━━━ RECORD EXCERPTS

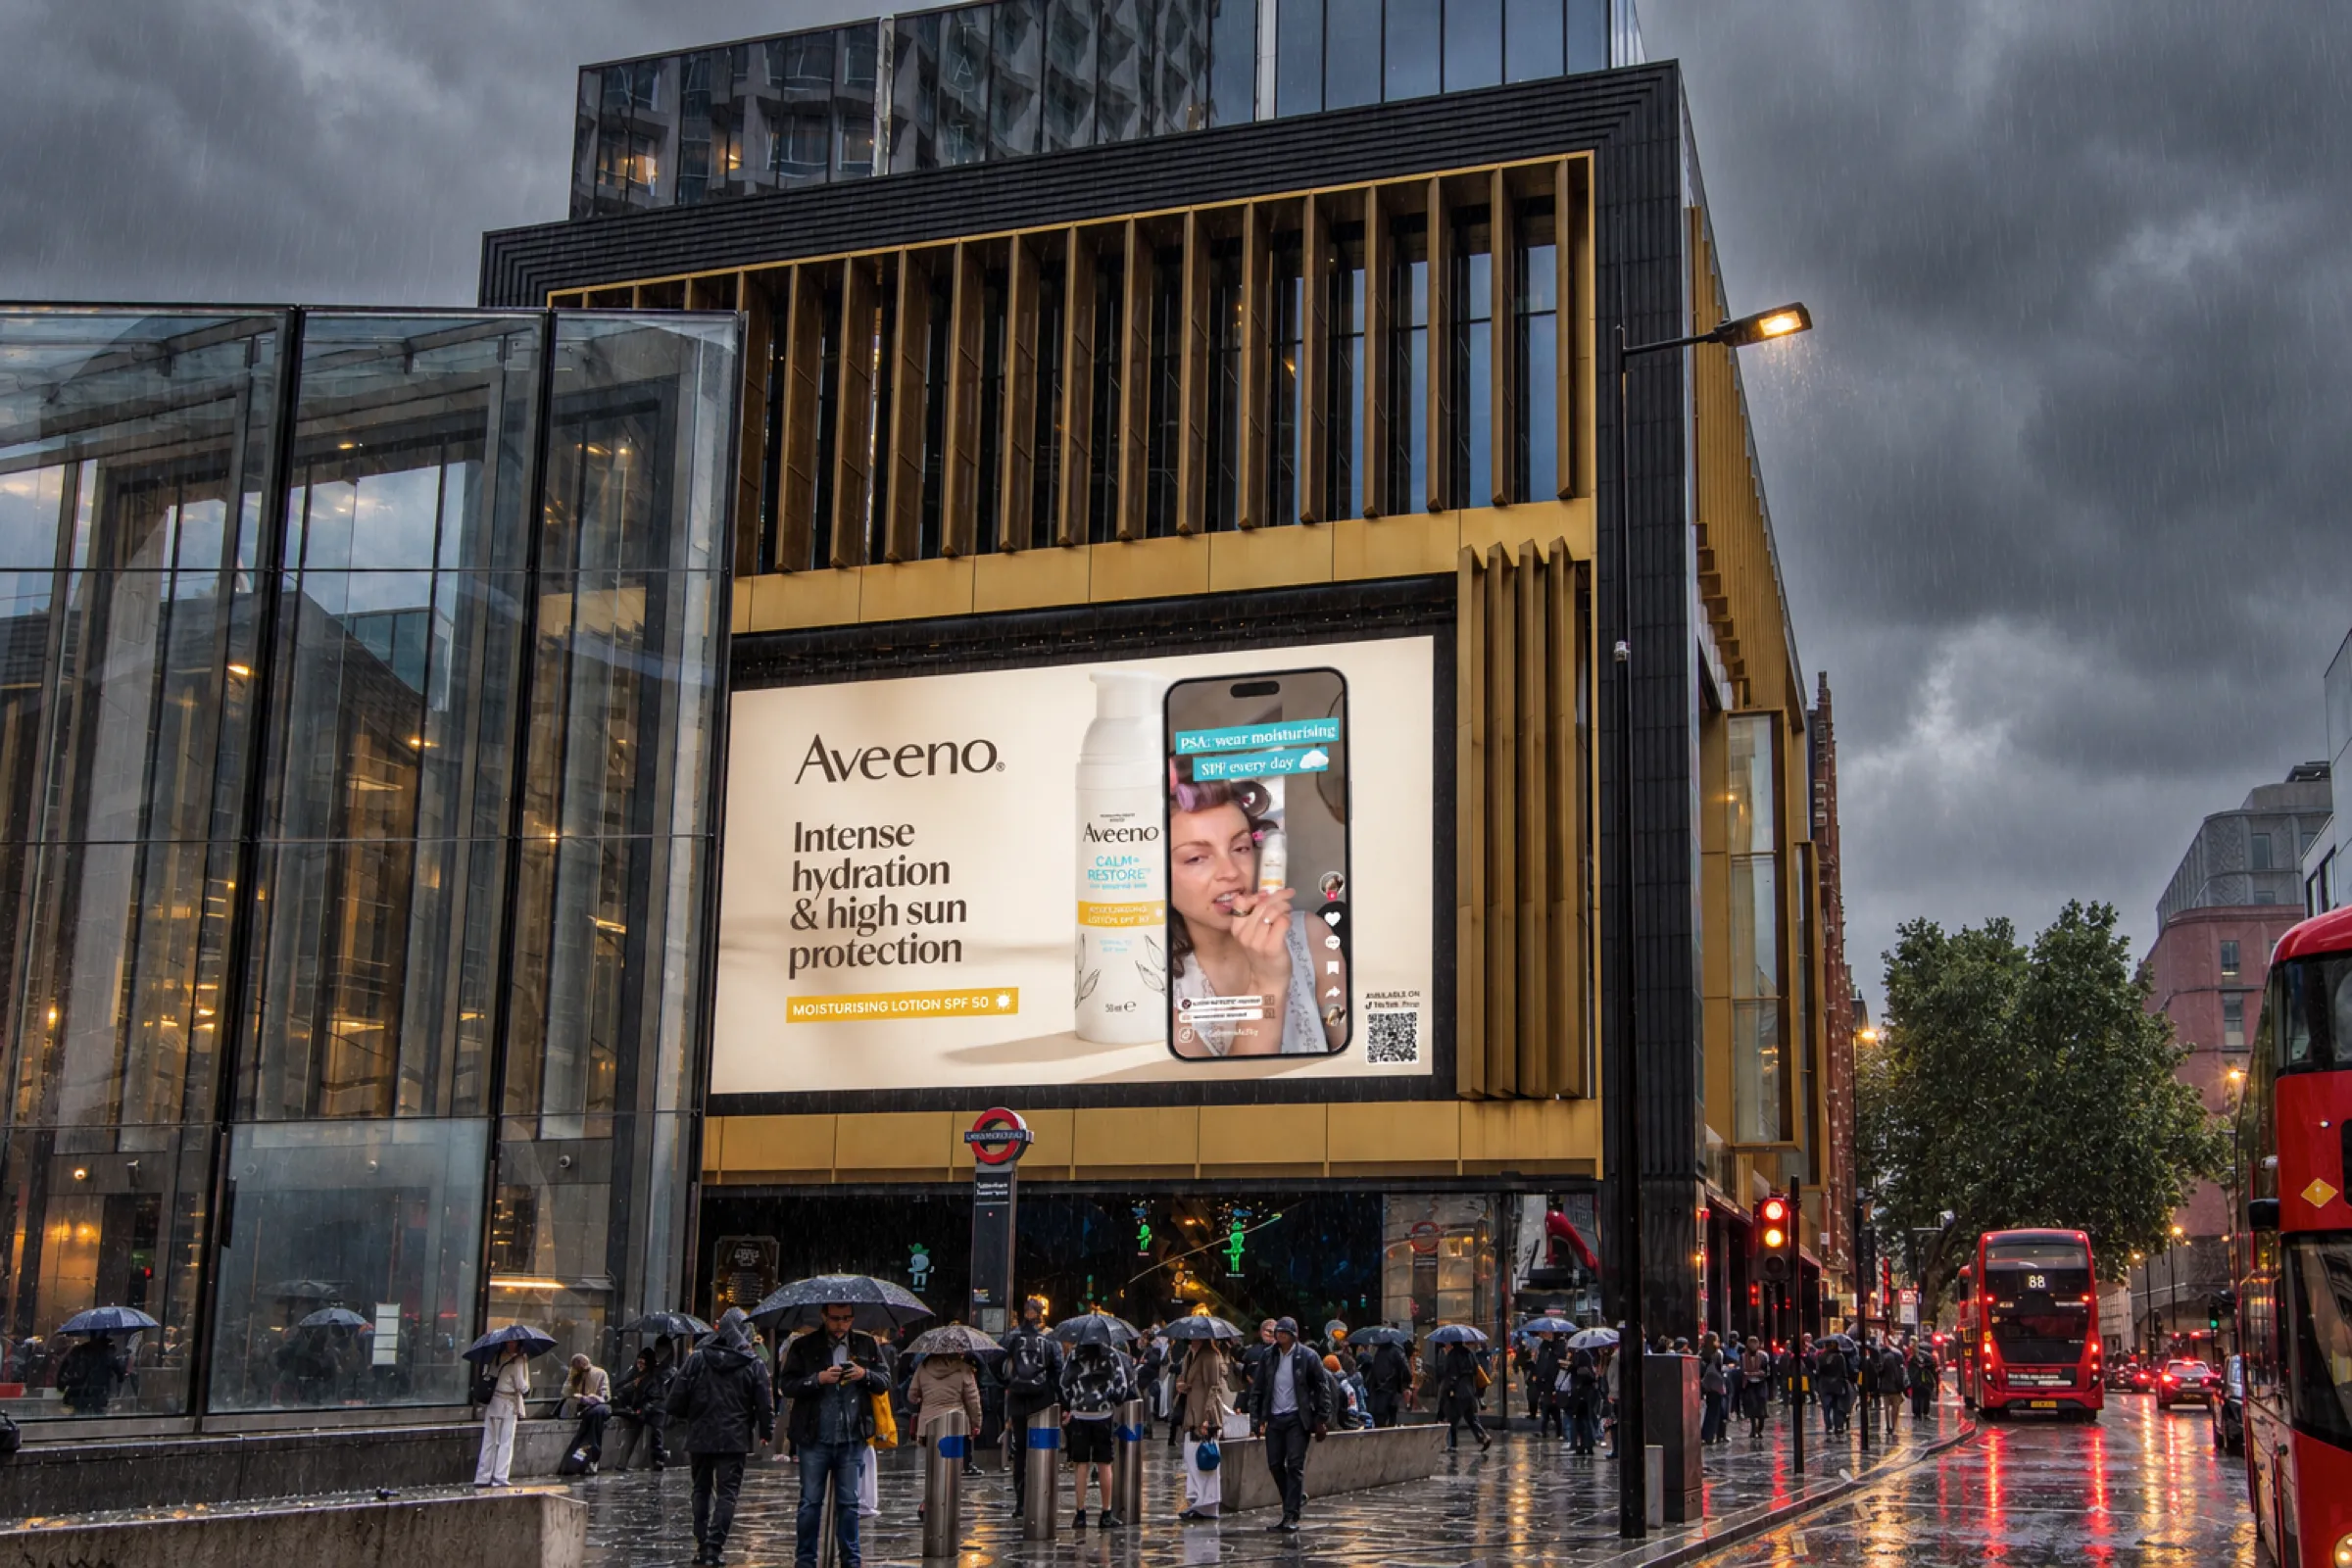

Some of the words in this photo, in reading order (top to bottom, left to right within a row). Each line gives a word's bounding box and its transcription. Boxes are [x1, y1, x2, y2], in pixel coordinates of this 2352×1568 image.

[1215, 735, 1248, 747] wear
[1251, 724, 1336, 744] moisturising
[1201, 761, 1225, 776] SPF
[1229, 760, 1266, 774] every
[1270, 757, 1296, 771] day
[794, 821, 915, 853] Intense
[1083, 822, 1159, 843] Aveeno
[792, 855, 951, 900] hydration
[790, 897, 817, 931] &
[827, 895, 899, 936] high
[906, 898, 967, 925] sun
[789, 932, 962, 979] protection
[793, 999, 888, 1016] MOISTURISING
[891, 998, 941, 1013] LOTION
[944, 997, 968, 1010] SPF
[971, 996, 989, 1008] 50

━━━━━━

Restate the records above word for word. Skip every picture.

Some of the words in this photo, in reading order (top to bottom, left to right within a row). Each line gives a word's bounding box and its transcription. Boxes are [x1, y1, x2, y2], in pixel coordinates of this 2352×1568 image.

[1215, 735, 1248, 747] wear
[1251, 724, 1336, 744] moisturising
[1201, 761, 1225, 776] SPF
[1229, 760, 1266, 774] every
[1270, 757, 1296, 771] day
[794, 821, 915, 853] Intense
[1083, 822, 1159, 843] Aveeno
[792, 855, 951, 900] hydration
[790, 897, 817, 931] &
[827, 895, 899, 936] high
[906, 898, 967, 925] sun
[789, 932, 962, 979] protection
[793, 999, 888, 1016] MOISTURISING
[891, 998, 941, 1013] LOTION
[944, 997, 968, 1010] SPF
[971, 996, 989, 1008] 50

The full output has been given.